Geoffrey Irving, a safety researcher at DeepMind, says the difference between this approach and previous methods is that DeepMind hopes to use “a long-term dialogue for safety”.
“That means we don’t expect that the problems we have in these models – misinformation or prejudice or whatever – are obvious at first glance, and we want talk about them in detail. And that means between machines and humans,” he said.
Sara Hooker, Cohere head of AI, a nonprofit AI research lab, says DeepMind’s idea of using human preferences to optimize how AI models learn is not new. .
“But the improvements are convincing and show clear benefits for optimizing human-guided dialogue agents in the context of large linguistic models,” says Hooker.
Douwe Kiela, a researcher at AI startup Hugging Face, said Sparrow is “a nice next step in the direction of a general trend in AI where we’re trying more seriously to improve safety aspects.” of large language model implementations”.
But much work remains to be done before these conversational AI models can be deployed in the wild.

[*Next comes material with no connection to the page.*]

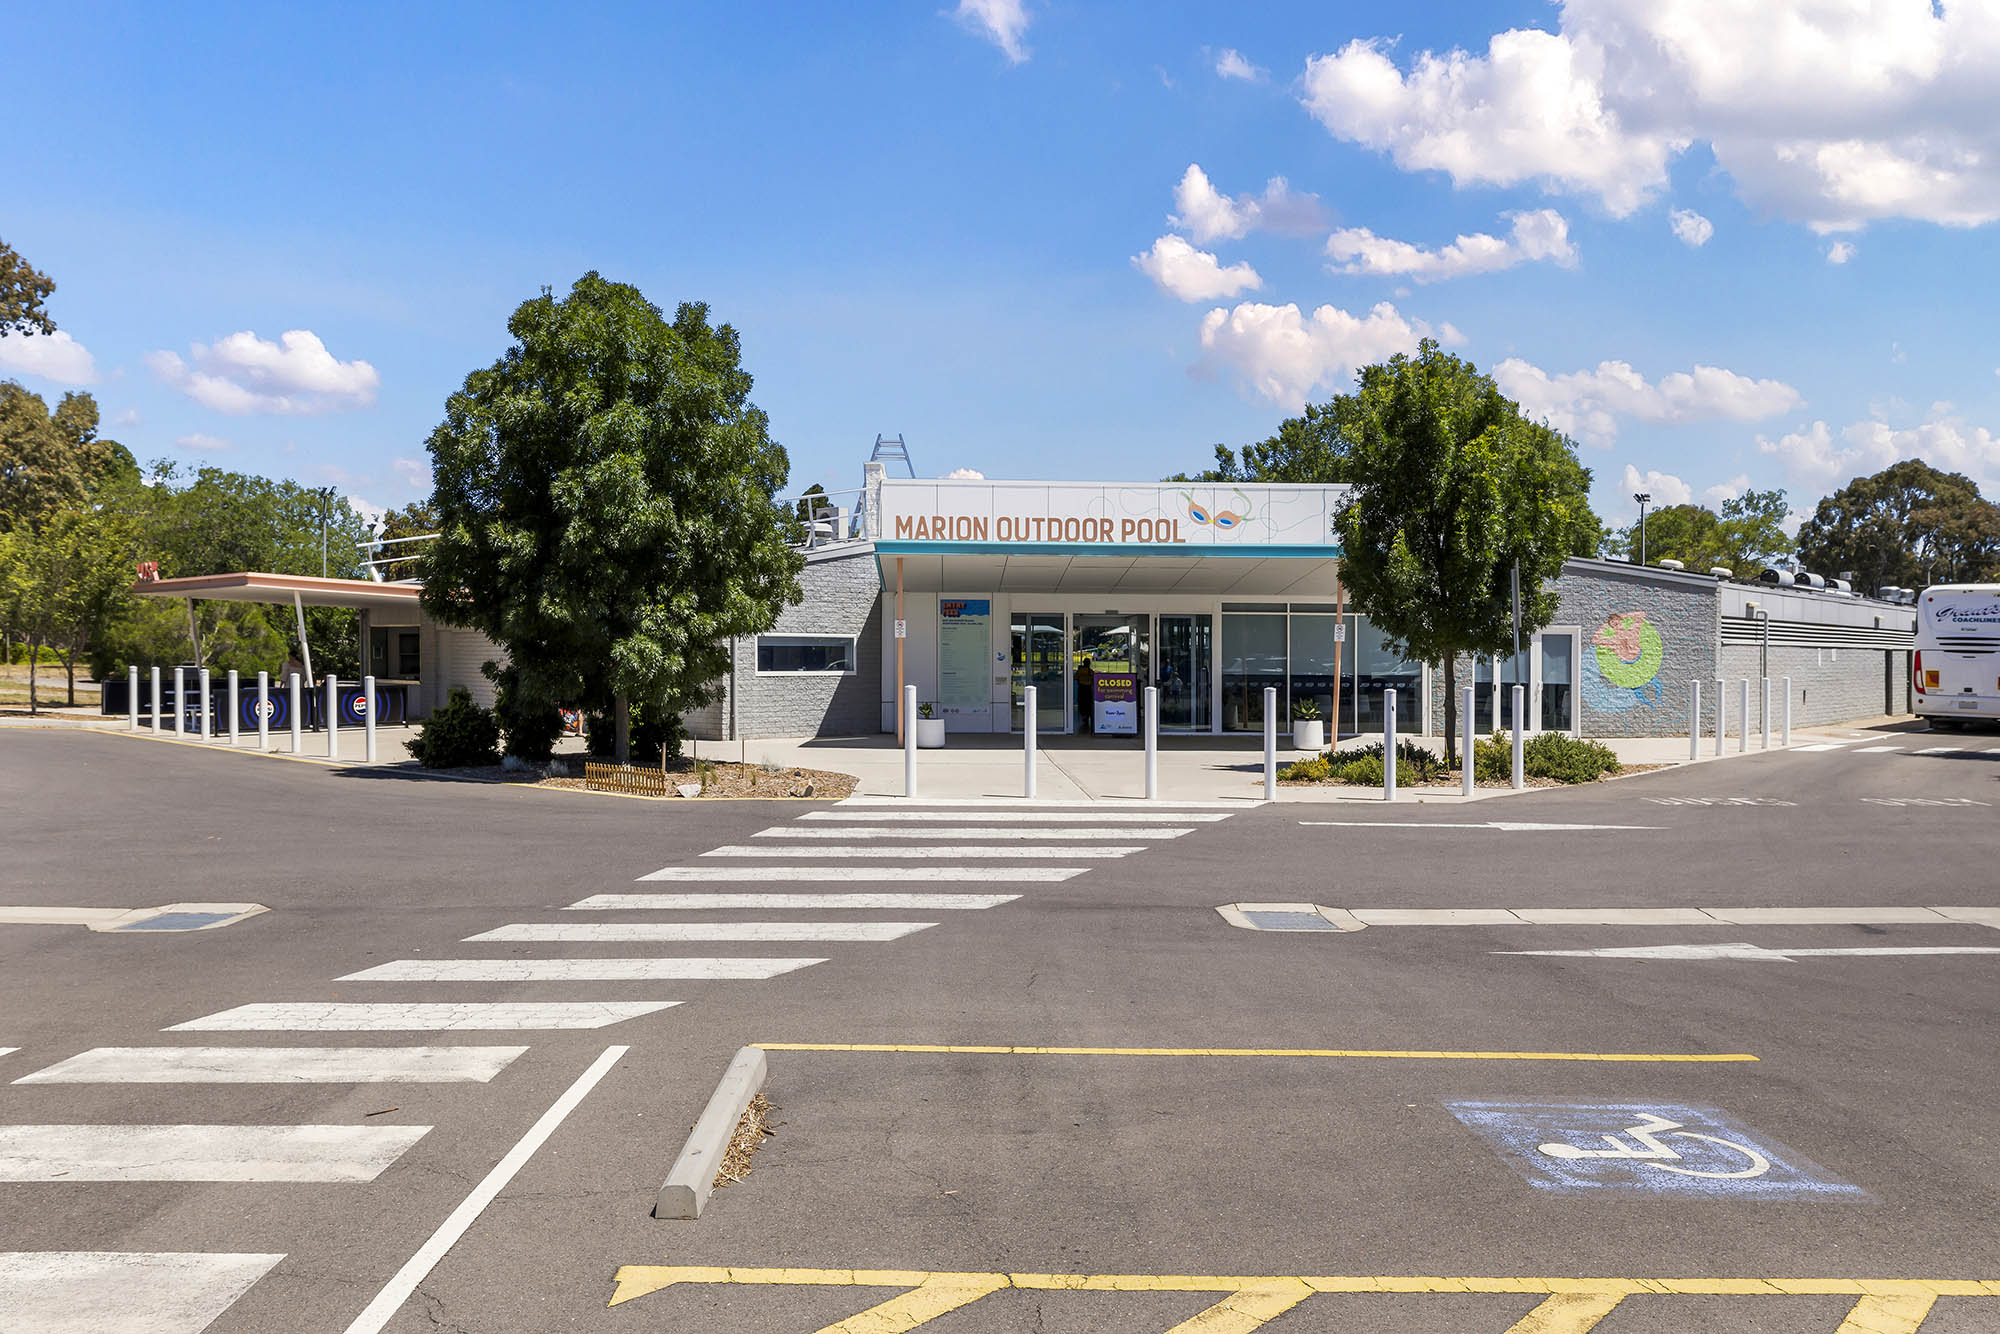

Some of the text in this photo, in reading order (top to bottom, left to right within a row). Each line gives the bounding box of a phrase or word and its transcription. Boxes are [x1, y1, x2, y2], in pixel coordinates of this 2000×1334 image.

Sparrow still makes mistakes. The model sometimes goes off topic or generates random responses. Identified participants can also make the model break the rules 8% of the time. (This is still an improvement over older models: DeepMind’s previous models broke the rules three times more often than Sparrow.)
“For areas where the risk of harm to people could be high if a representative responds, such as providing medical and financial advice, this can make many people feel uncomfortable,” says Hooker. like an unacceptably high failure rate,” Hooker said. , “While we live in a world where technology must safely and responsibly serve many different languages,” she added.
And Kiela points out another problem: “Relying on Google to find information leads to undefined biases that are hard to detect, since everything is closed source.”